A Prince William citizens committee yesterday recommended combining all human services programs under one council because the county has no good method for deciding which programs should get scarce dollars.
The existing system, Human Services Commission members said, also is hard for clients to figure out and makes long-range planning difficult.
The various agencies -- including Social Services, Community Services and organizations on aging, health and youth -- "cannot effectively determine who gets what and who needs what," said commission Chairman Michael D. Chadwick.
Human service costs have grown dramatically during the last decade, as the population increased more than 50 percent to 220,000 and state and federal funds decreased.

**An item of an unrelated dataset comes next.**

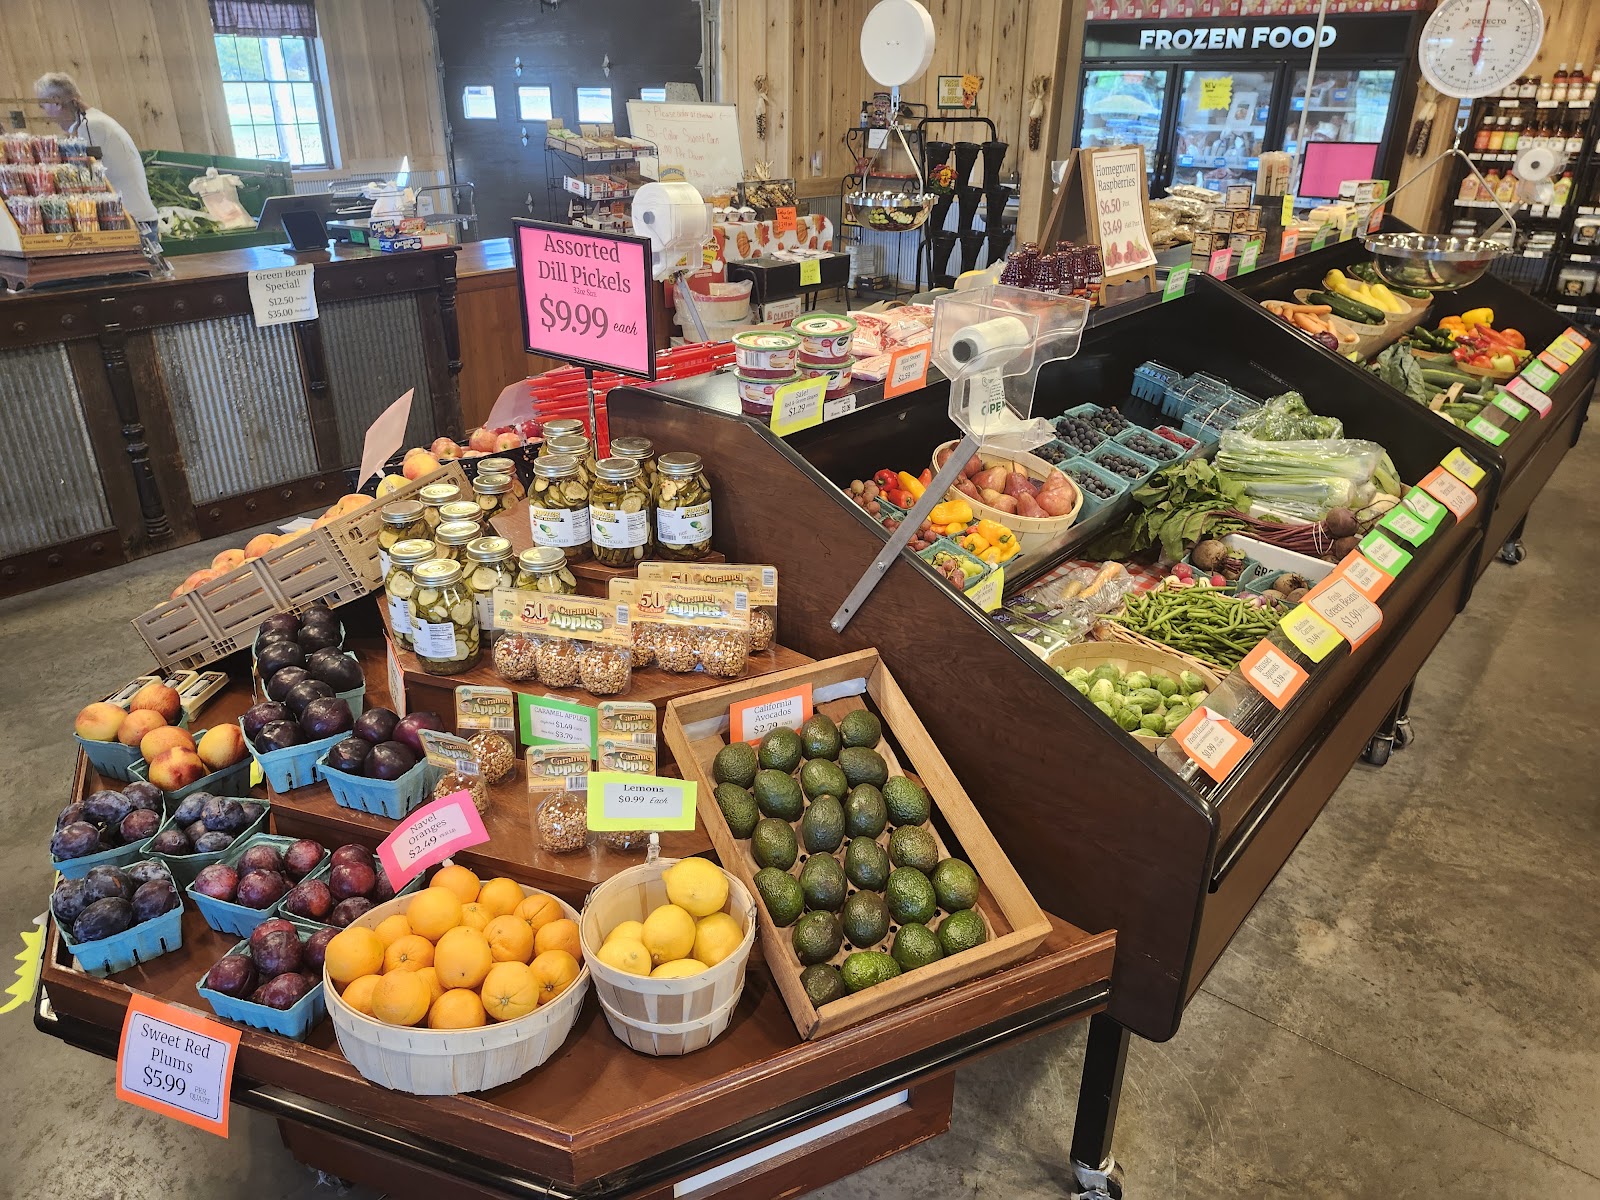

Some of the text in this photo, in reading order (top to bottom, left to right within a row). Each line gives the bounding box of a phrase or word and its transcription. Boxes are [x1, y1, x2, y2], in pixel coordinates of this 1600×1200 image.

Prince William now pays 53 percent of the cost of human services, up from 36.4 percent in 1987.
The commission recommended creating a human services council, a citizen board appointed by the supervisors, to direct the various agencies and approve their budgets. The existing Community Services and Social Services boards would become advisory panels.
County Executive James H. Mullen will study the proposals as part of the budget process for fiscal 1992, which begins in July. Some of the reorganization would require legal agreements with the state and the cities of Manassas and Manassas Park, who help pay for some services.

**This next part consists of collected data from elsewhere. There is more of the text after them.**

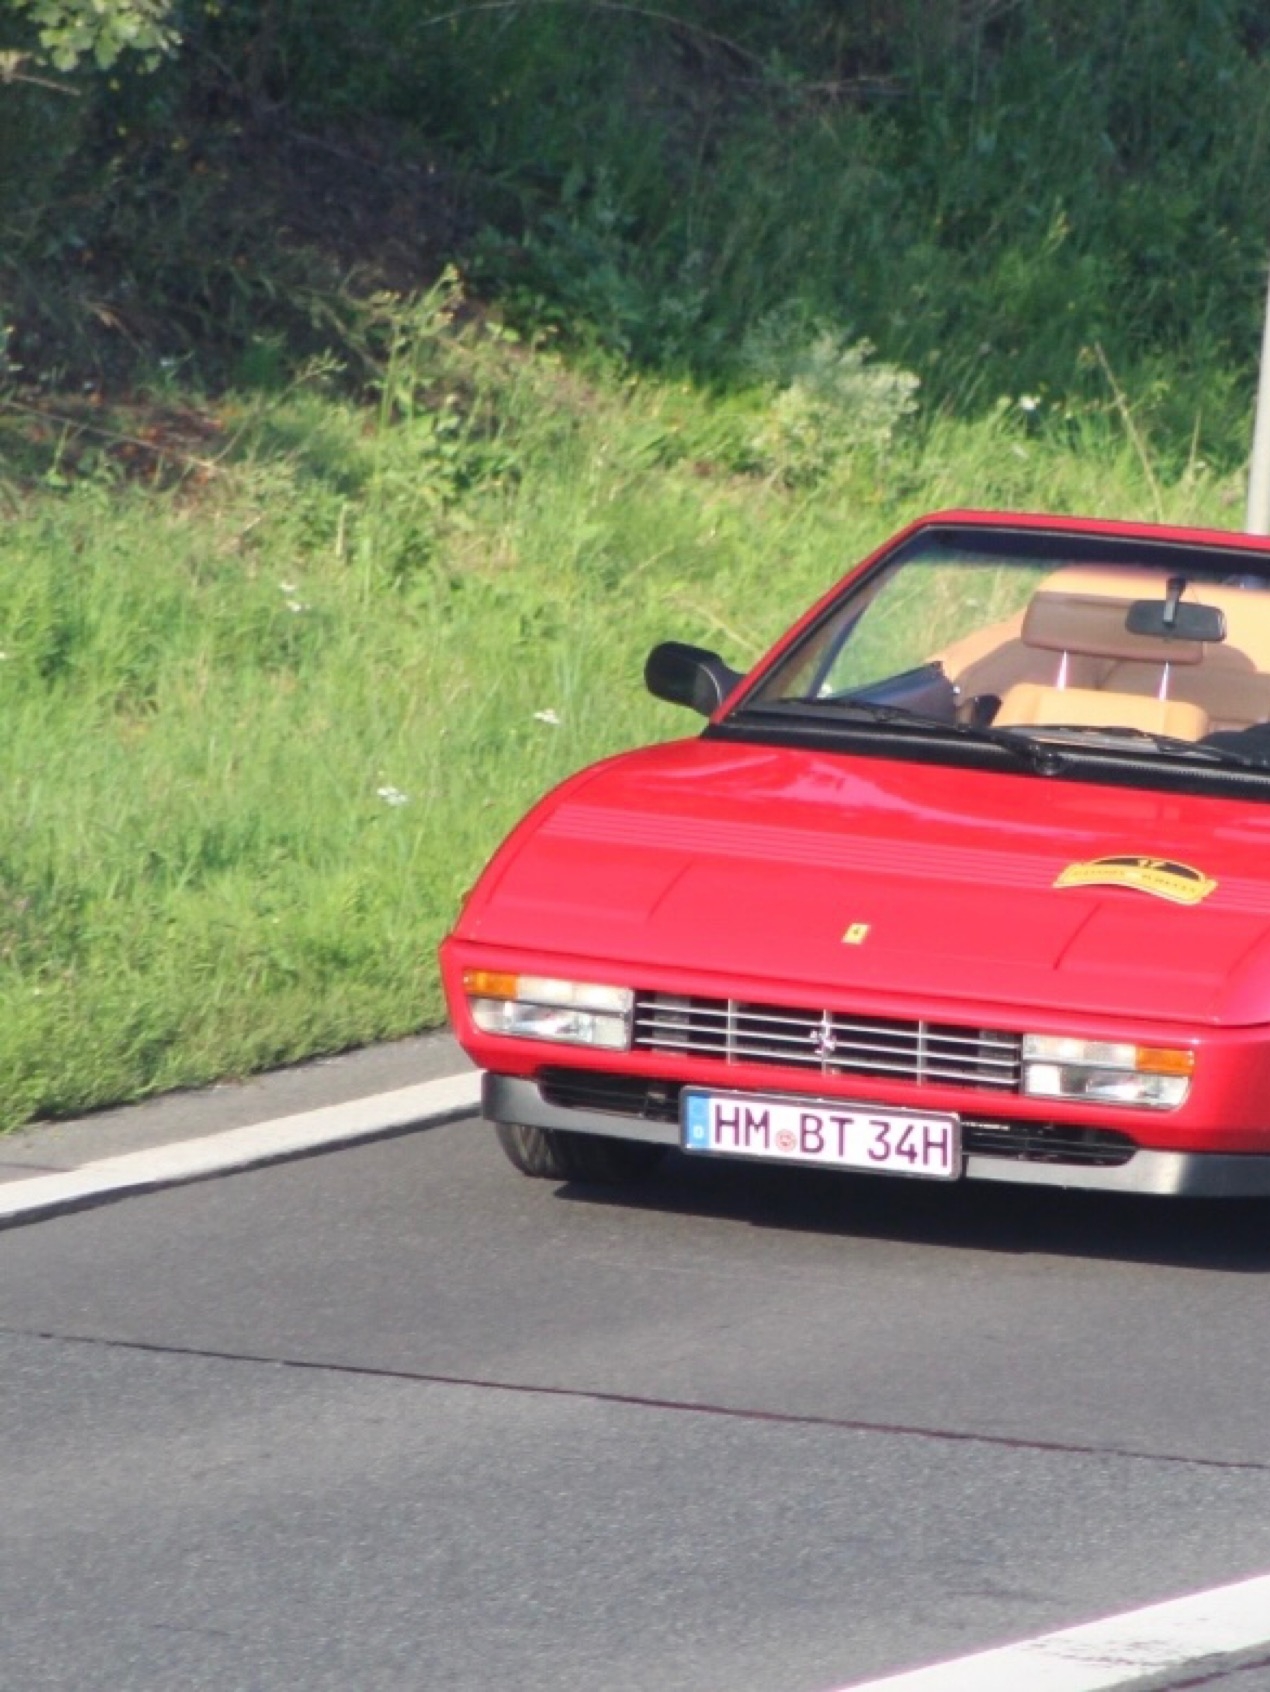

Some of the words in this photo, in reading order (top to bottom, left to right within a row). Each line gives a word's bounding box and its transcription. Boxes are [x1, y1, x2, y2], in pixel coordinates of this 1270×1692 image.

[714, 1103, 770, 1149] HM
[801, 1112, 854, 1157] BT
[868, 1119, 949, 1168] 34H
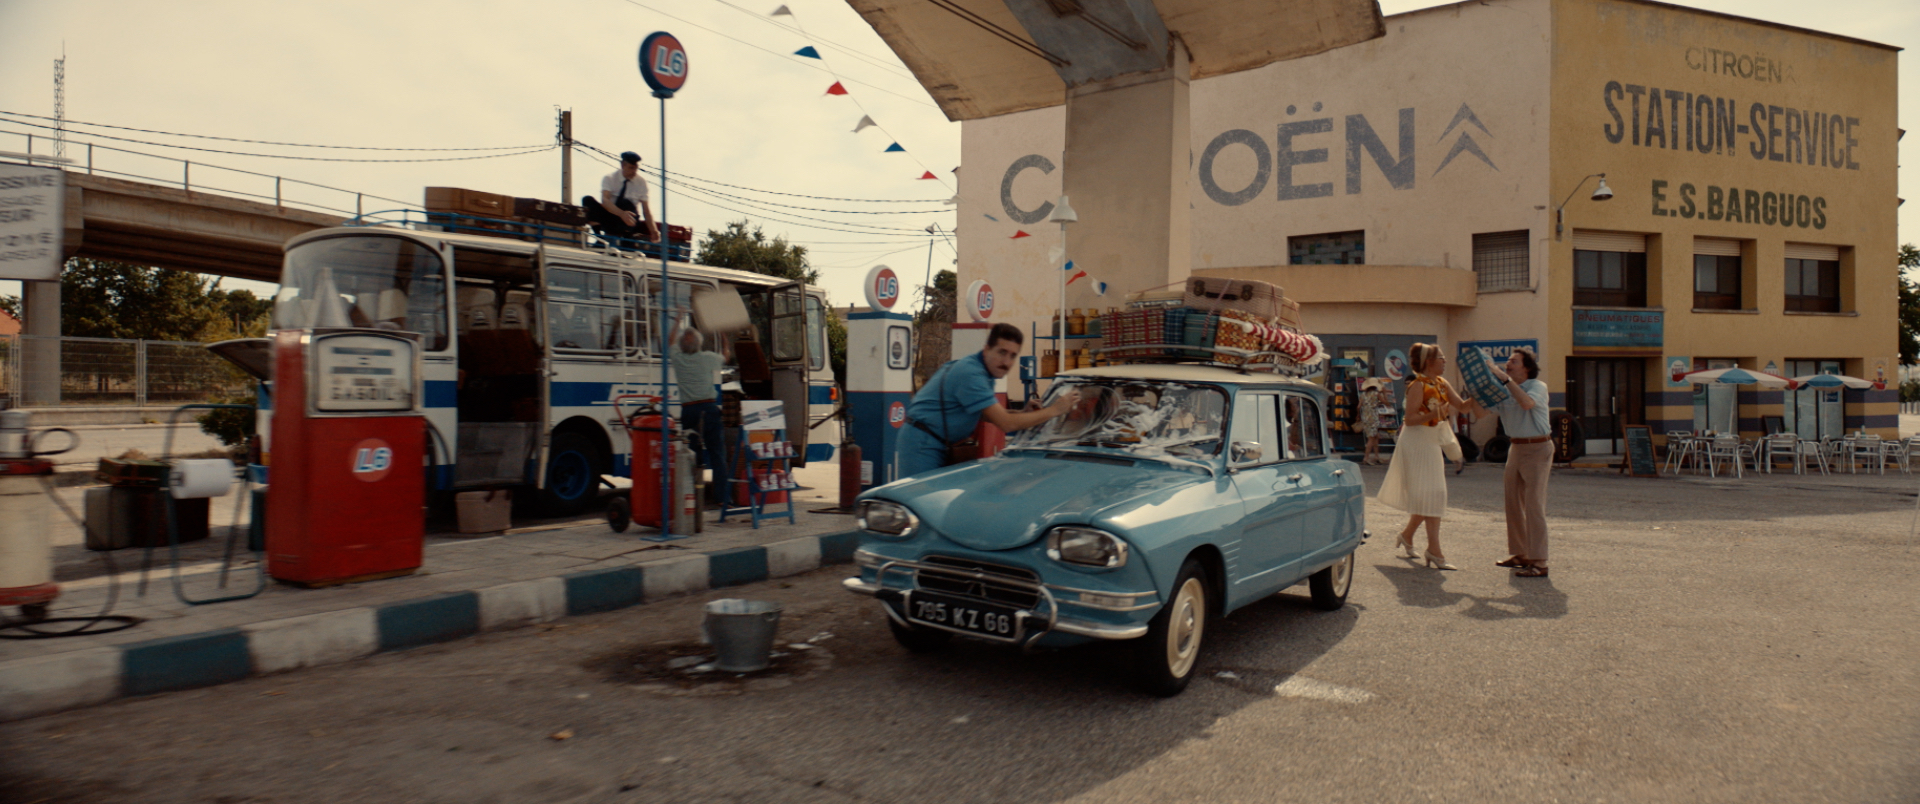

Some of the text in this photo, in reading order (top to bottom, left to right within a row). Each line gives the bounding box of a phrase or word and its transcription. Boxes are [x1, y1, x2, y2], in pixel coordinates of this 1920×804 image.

[654, 44, 687, 78] L6
[1685, 46, 1782, 83] CITROËN
[1603, 80, 1861, 171] STATION-SERVICE
[1000, 101, 1415, 225] COËN
[1652, 179, 1827, 230] E.S.BARGUOS
[878, 276, 898, 300] L6
[978, 291, 993, 312] L6
[1577, 314, 1660, 323] PNEUMATIQUES
[890, 406, 905, 423] L6
[1561, 418, 1569, 457] OUVERT
[353, 447, 392, 473] L6
[916, 601, 947, 622] 795
[953, 607, 980, 630] KZ

Cheryl Overholt, chairman of the Community Services Board, has opposed the plan and urged thecounty to use existing groups rather than spend money on new administrative positions.

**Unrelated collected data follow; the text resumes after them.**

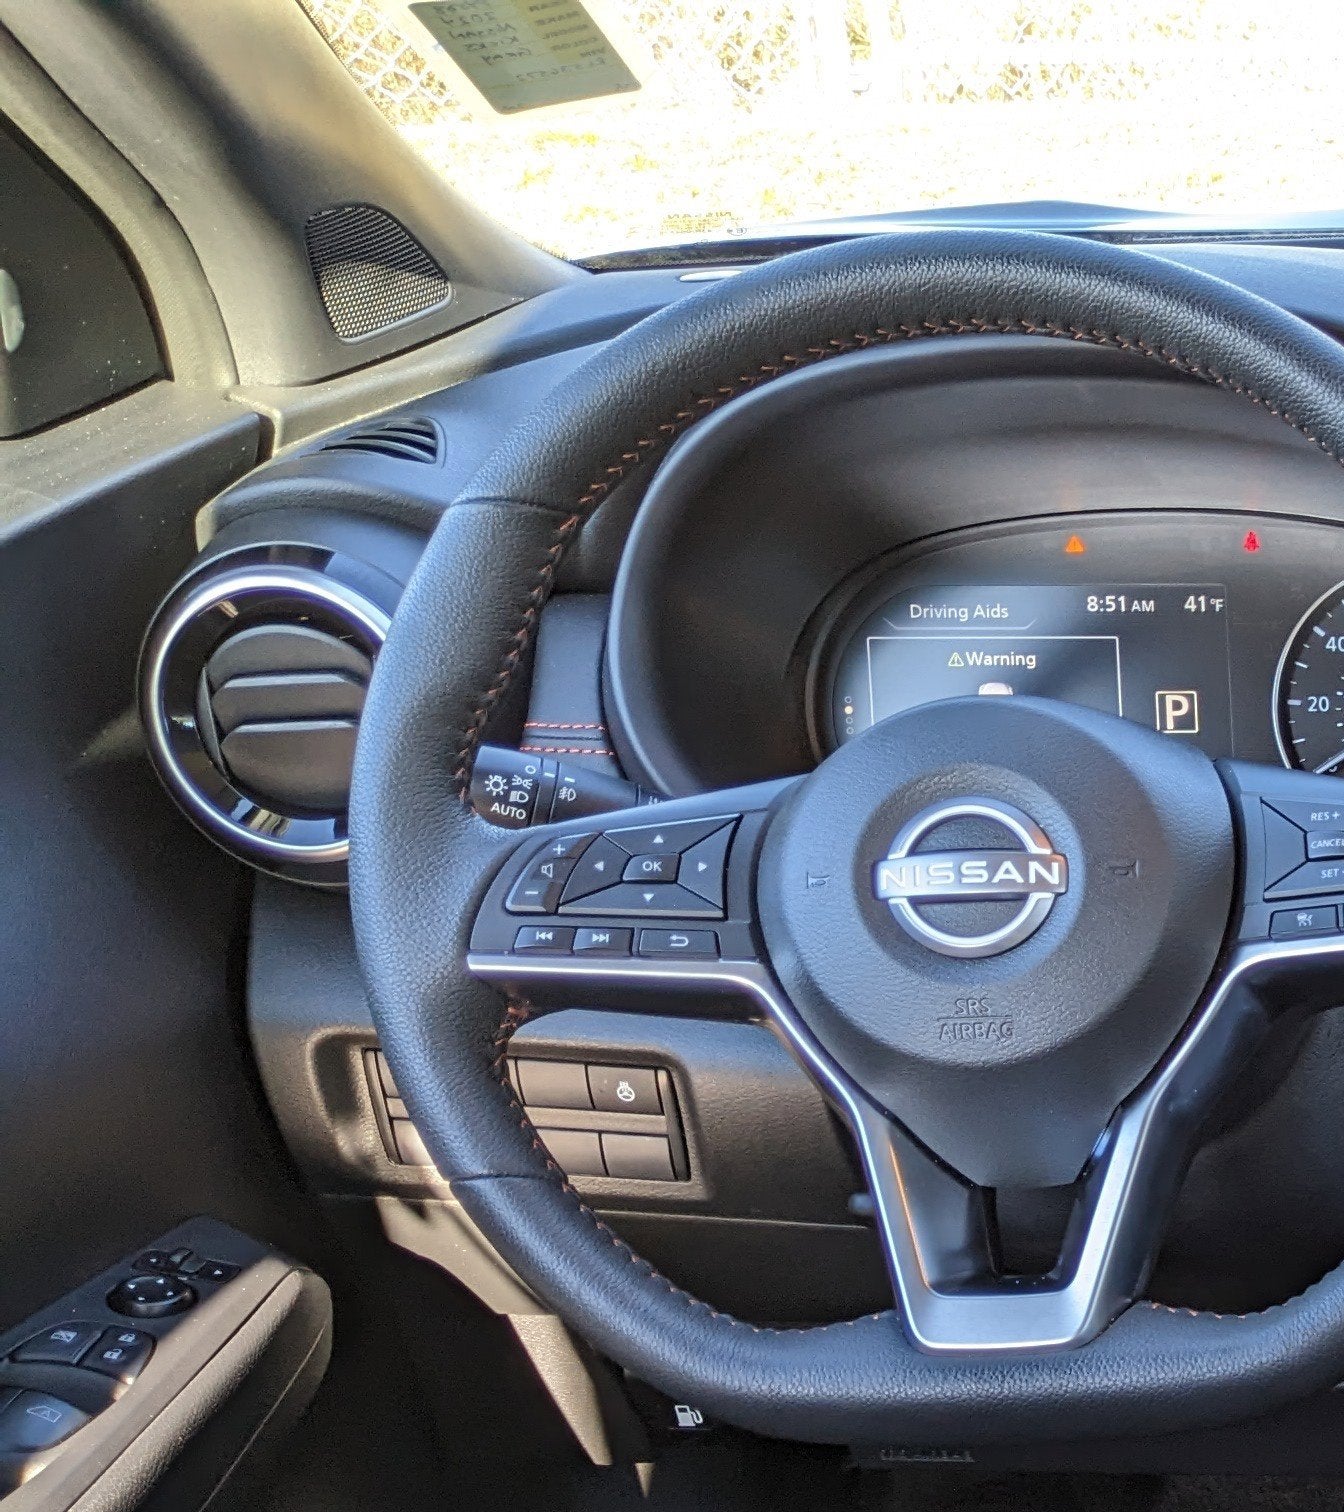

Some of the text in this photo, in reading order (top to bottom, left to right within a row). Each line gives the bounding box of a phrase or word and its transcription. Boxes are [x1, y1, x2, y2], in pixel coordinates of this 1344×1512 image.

[1087, 595, 1126, 612] 8:51
[1131, 600, 1155, 612] AM
[910, 604, 1009, 621] Driving Aids
[966, 652, 1037, 669] Warning
[1165, 694, 1189, 730] P
[1307, 696, 1330, 712] 20
[490, 802, 527, 820] AUTO
[1311, 812, 1330, 821] RES
[642, 861, 662, 872] OK
[880, 860, 1060, 890] NISSAN
[1321, 868, 1339, 879] SET
[954, 997, 992, 1016] SRS
[939, 1020, 1014, 1041] AIRBAG

Chadwick said existing boards "are a group of people who worked real hard to create what we've got. They do a real good job, but we're not the same county we were 15 years ago."
Health Director Jared E. Florance raised questions about the
commission's focus. He said the group did not spend enough time determining whether the agencies were providing good services.
In other business yesterday, budget officer Kathy Lueckert reported that county revenue is $9 million -- or 3 percent of the budget -- less than expected. Development-related permit fees are nearly $5 million less than expected, and sales taxes and business taxes are down by $1 million and $1.5 million, respectively.
The county already has a hiring freeze, and Mullen said he was considering increasing the workweek to 40 hours from 37.5 hours to cut overtime costs.